If one assumes that TARP and the takeover of Fannie and Freddie by the government as one-time budgetary anomalies and remove them from calculations — an approach taken by Holtz-Eakin — you get the following picture:—A 9.7 percent increase in 2009, much of which is attributable to Obama.
—A 7.8 percent increase in 2010, followed by slower spending growth over 2011-13. Much of the slower growth reflects the influence of Republicans retaking control of the House and their budget and debt deal last summer with Obama. All told, government spending now appears to be growing at an annual rate of roughly 3 percent over the 2010-2013 period, rather than the 0.4 percent claimed by Obama and the MarketWatch analysis.
Just thought this beared repeating. This "thrifty spending" claim is a really bad one for the Obama campaign to make.

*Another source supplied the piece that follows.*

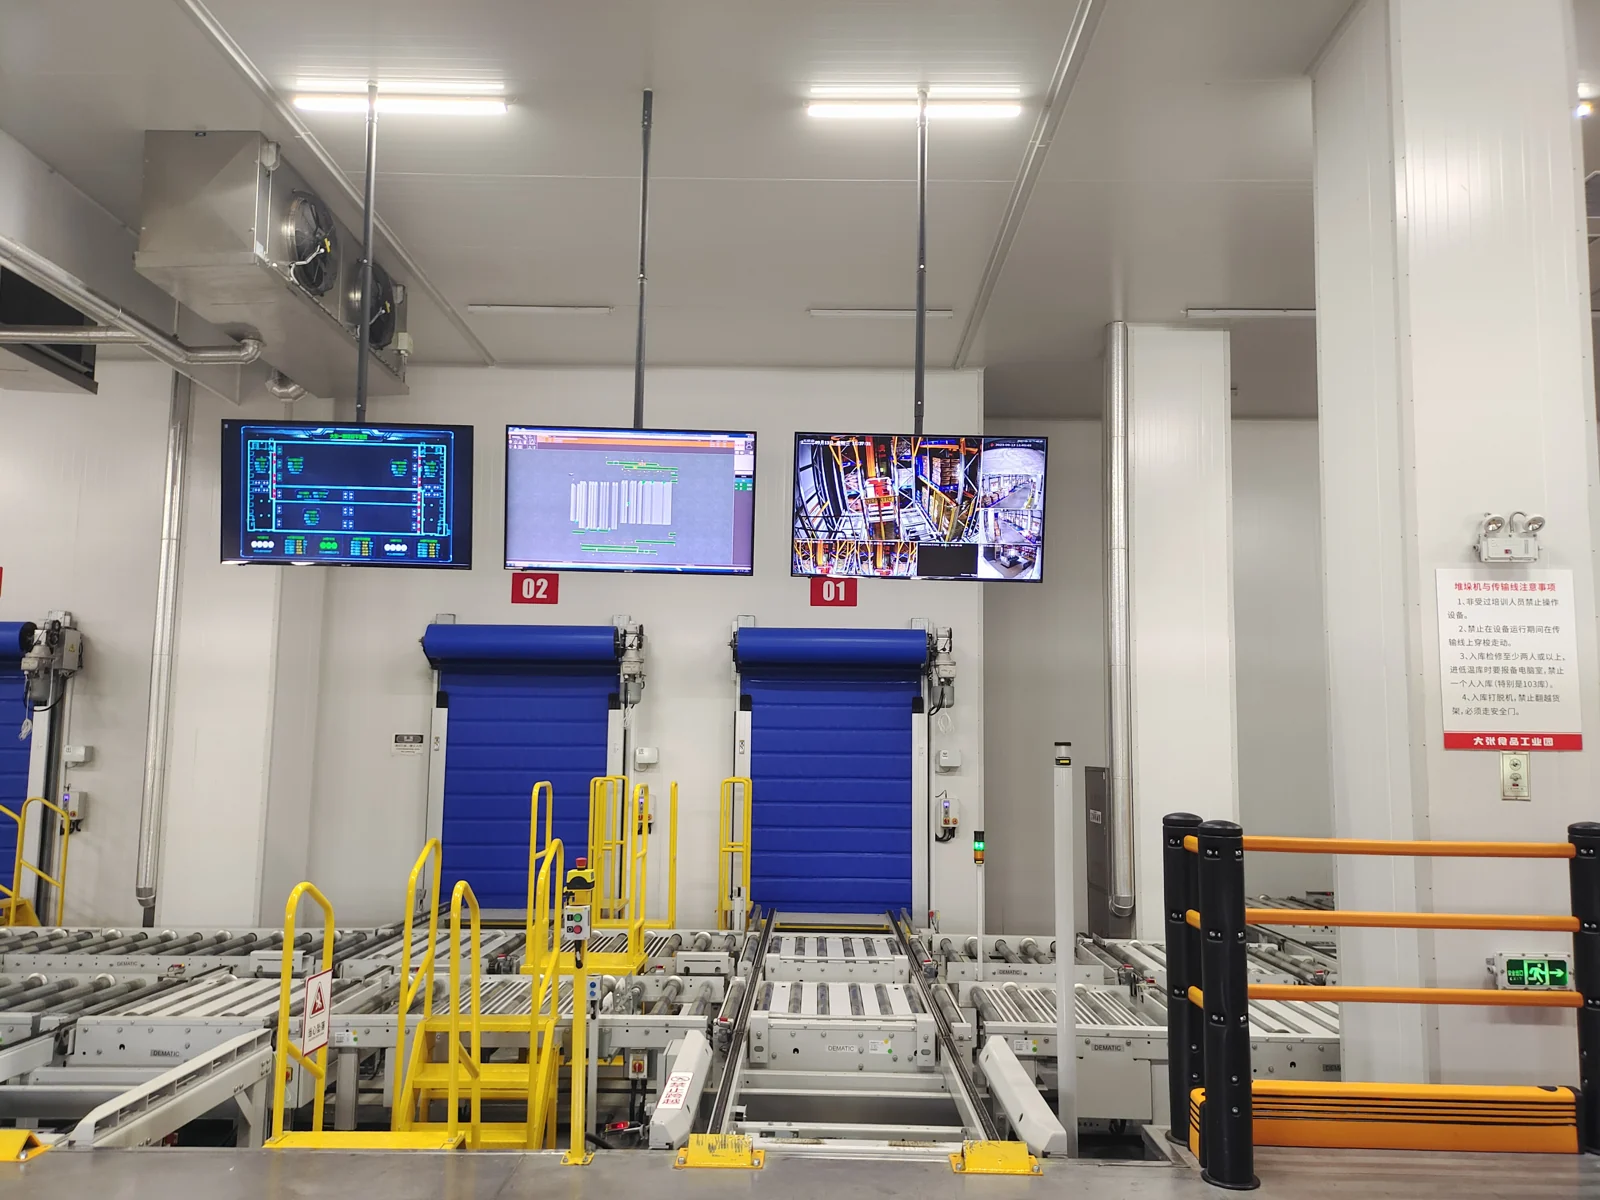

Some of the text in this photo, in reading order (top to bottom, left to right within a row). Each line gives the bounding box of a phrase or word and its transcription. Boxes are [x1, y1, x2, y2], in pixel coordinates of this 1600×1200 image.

It's so easily debunked I can't believe they don't see how this will backfire.
Kind of like claiming that the U.S.'s credit downgrade was a result of Obama's actions, not the Congressional Republicans.
Interesting because I actually haven't heard this claim much, particularly since the fallout from the downgrade actually ended up being continued outsized purchases of US Treasuries. I think it's pretty widely accepted at this point that the downgrade was largely a reflection of Congressional gridlock.
Man, the US budget is a disaster. Particularly when everyone tries to take credit/assign blame when both parties have so obviously messed up its ridiculous. Some days I really hate politics.
The original article represents the rate of spending. Although trying to measure this is complex (like many have pointed out), Obama has spent more, as a % of GDP, than the previous 5 Presidents. Yes, a part of the first year % is due to the stimulus, however the % of spending per GDP is very high. It's a better measure of economic outlook than rate of spending imo - because the larger ratio of spending to GDP - the greater chance we'll end of like Greece. Plus, budget predictions are, of course, based on GDP projections (part of the smoke and mirrors to the budget). I believe we're around 24% now, and it's expected to continue with current Obama budgets for at least a decade, with CBO stating that GDP projections being overly optimistic for the next 3 years or more. I think Romney promises to get it down to 17% - which is still very high, or at least to high for me.